Task requirements
Please set down each entry exactly, omitting any picture it holds.

Stored data entries
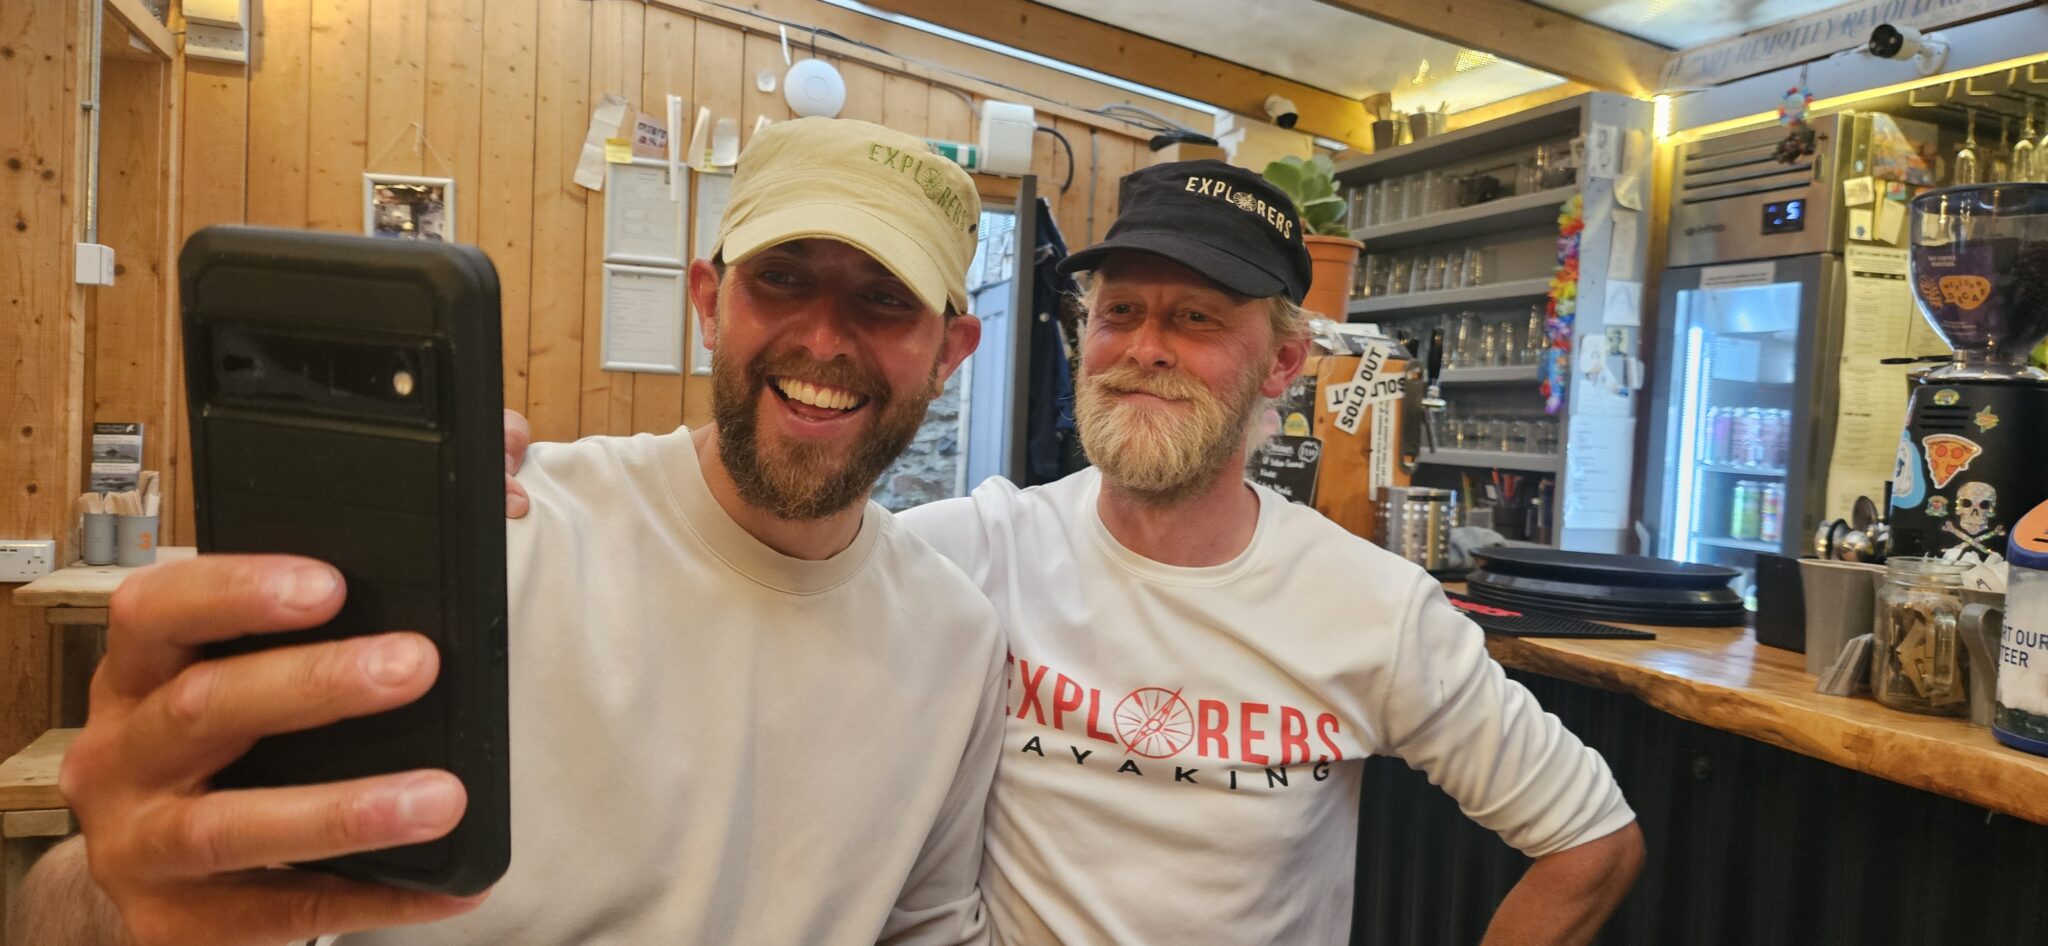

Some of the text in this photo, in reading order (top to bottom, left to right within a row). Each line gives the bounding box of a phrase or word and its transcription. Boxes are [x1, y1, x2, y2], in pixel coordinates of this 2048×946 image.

[868, 142, 967, 232] EXPLORERS
[1185, 176, 1293, 239] EXPLORERS
[1341, 385, 1366, 428] SOLD
[1361, 346, 1382, 381] OUT
[1006, 650, 1343, 768] XPLORERS
[1021, 735, 1330, 790] AYAKING
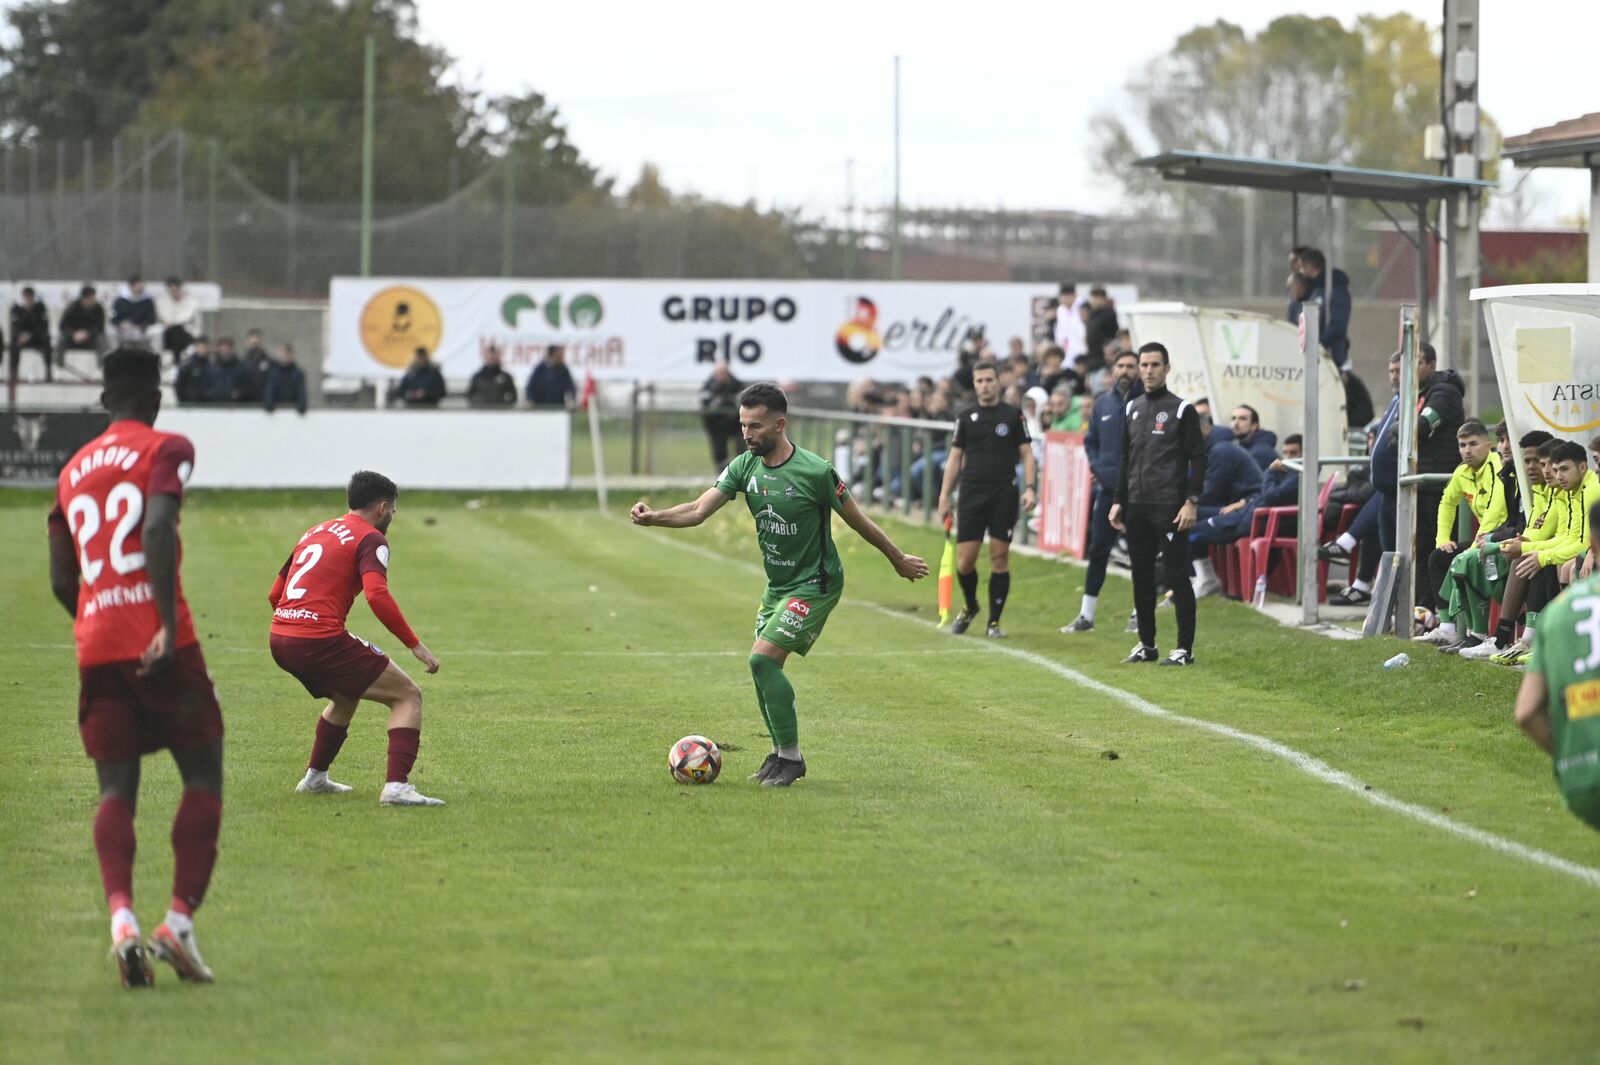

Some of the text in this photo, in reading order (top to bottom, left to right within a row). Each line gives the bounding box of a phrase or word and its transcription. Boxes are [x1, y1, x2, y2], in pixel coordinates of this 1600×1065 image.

[662, 295, 797, 322] GRUPO
[694, 333, 762, 364] RÍO
[70, 445, 140, 488] ARROYO
[67, 481, 146, 586] 22
[286, 543, 323, 600] 2
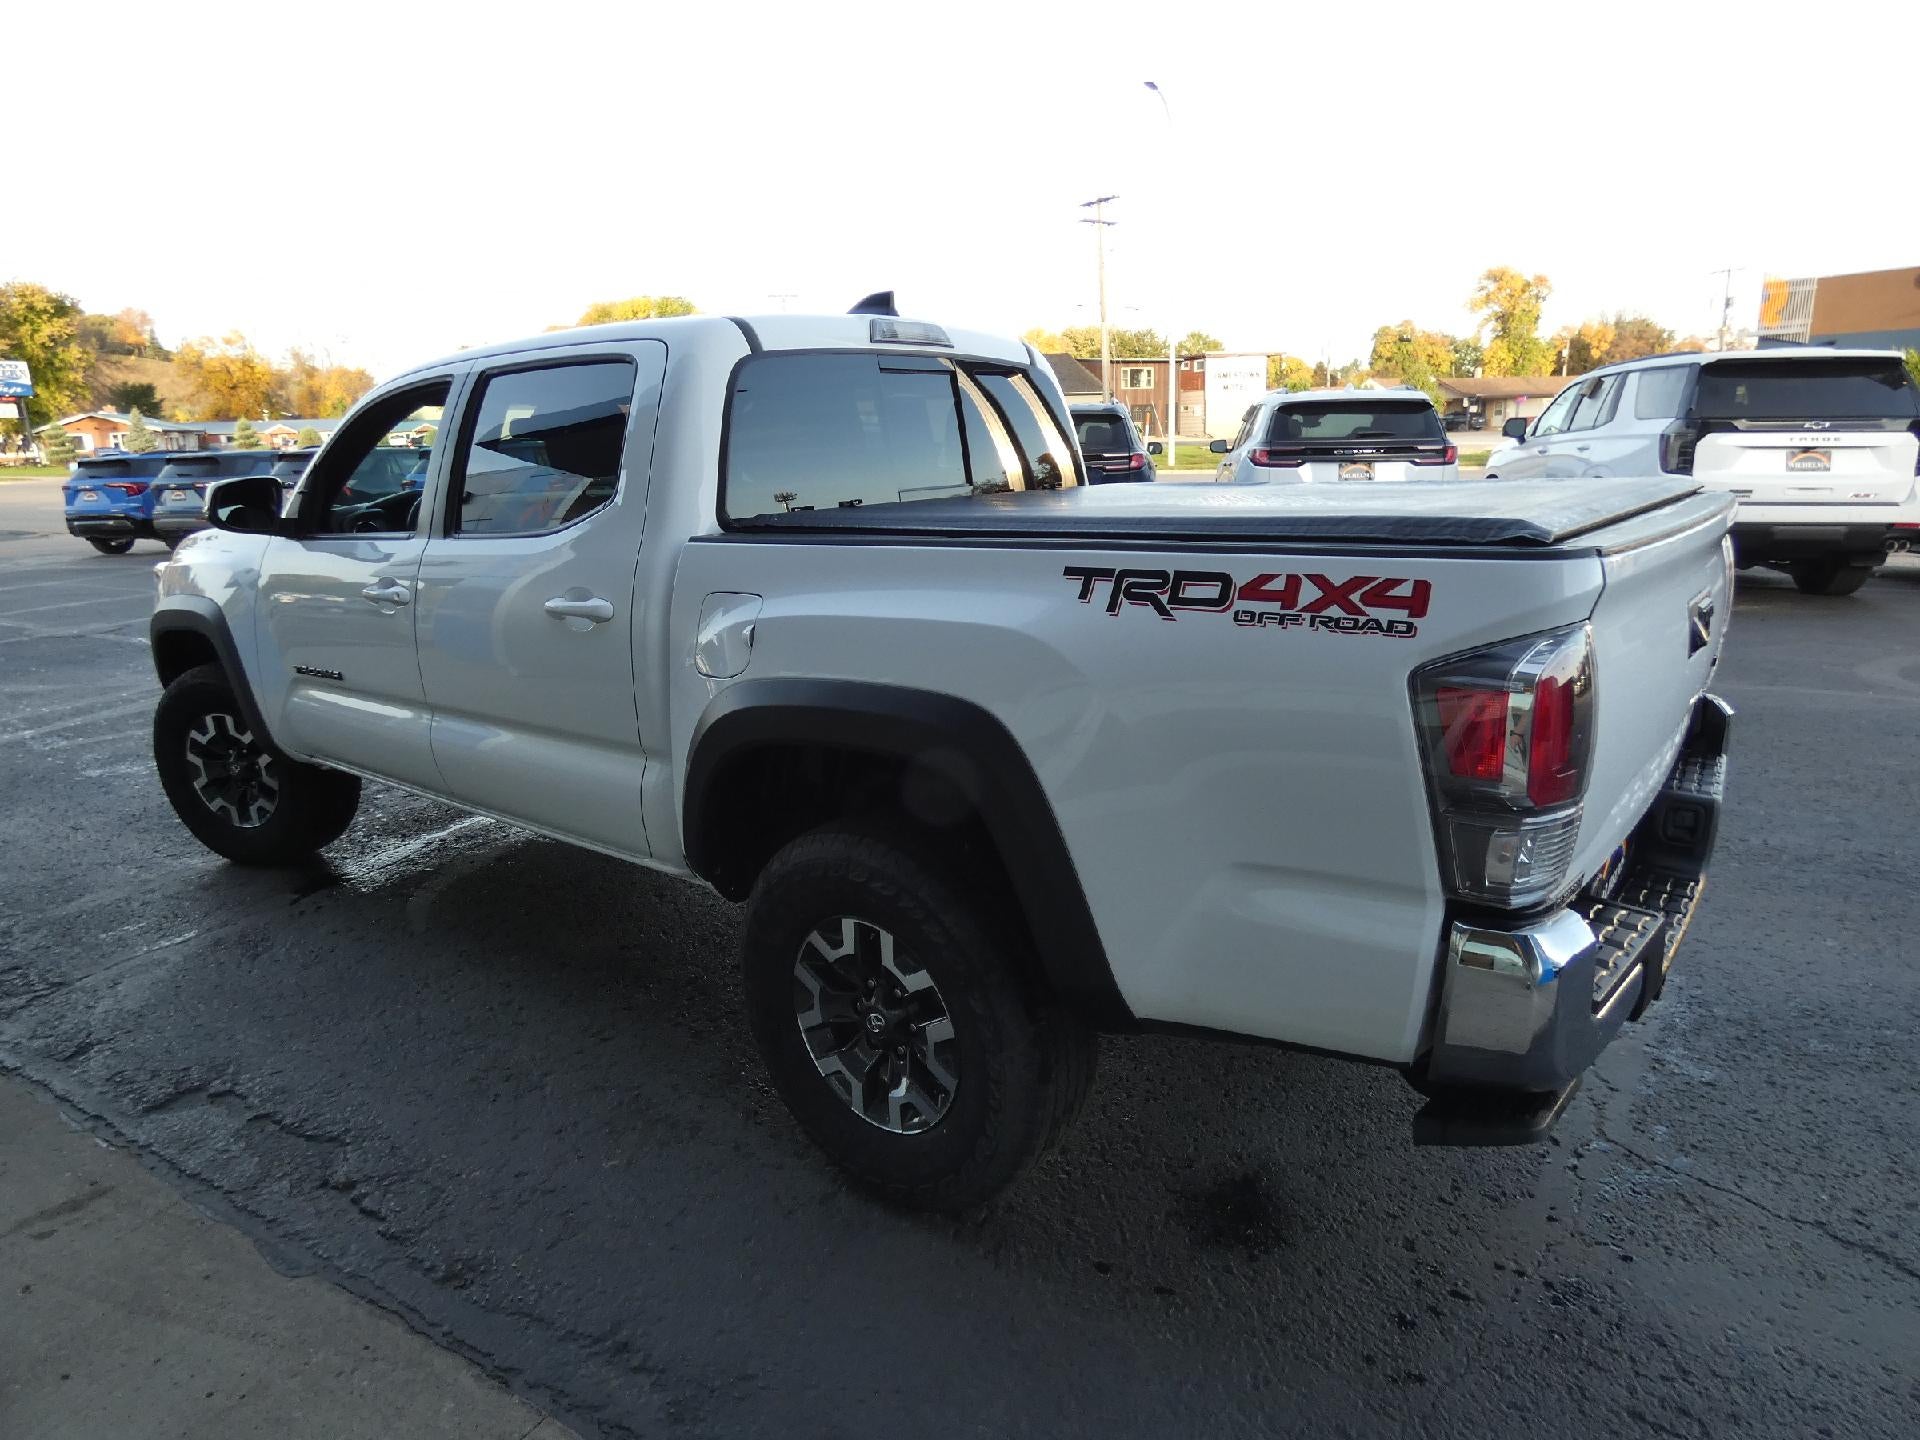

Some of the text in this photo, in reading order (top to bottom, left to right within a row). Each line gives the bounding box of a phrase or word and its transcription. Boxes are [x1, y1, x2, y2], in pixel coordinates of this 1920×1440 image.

[1063, 566, 1236, 621] TRD
[1233, 610, 1419, 638] OFF ROAD

Solved problem
Some of the text in this photo, in reading order (top to bottom, left to right within a row). Each line gives the bounding box of a phrase or word and its transcription. Boxes are [x1, y1, x2, y2], in pixel coordinates of this 2048×946 image.

[868, 142, 967, 232] EXPLORERS
[1185, 176, 1293, 239] EXPLORERS
[1341, 385, 1366, 428] SOLD
[1361, 346, 1382, 381] OUT
[1006, 650, 1343, 768] XPLORERS
[1021, 735, 1330, 790] AYAKING

Some of the text in this photo, in reading order (top to bottom, left to right within a row). Each line gives the bounding box of a phrase or word and its transcription. Boxes are [x1, y1, x2, y2], in pixel coordinates of this 1600×1065 image.

[662, 295, 797, 322] GRUPO
[694, 333, 762, 364] RÍO
[70, 445, 140, 488] ARROYO
[67, 481, 146, 586] 22
[286, 543, 323, 600] 2

Some of the text in this photo, in reading order (top to bottom, left to right within a row). Each line gives the bounding box of a phrase or word and its transcription. Boxes are [x1, y1, x2, y2], in pixel coordinates of this 1920×1440 image.

[1063, 566, 1236, 621] TRD
[1233, 610, 1419, 638] OFF ROAD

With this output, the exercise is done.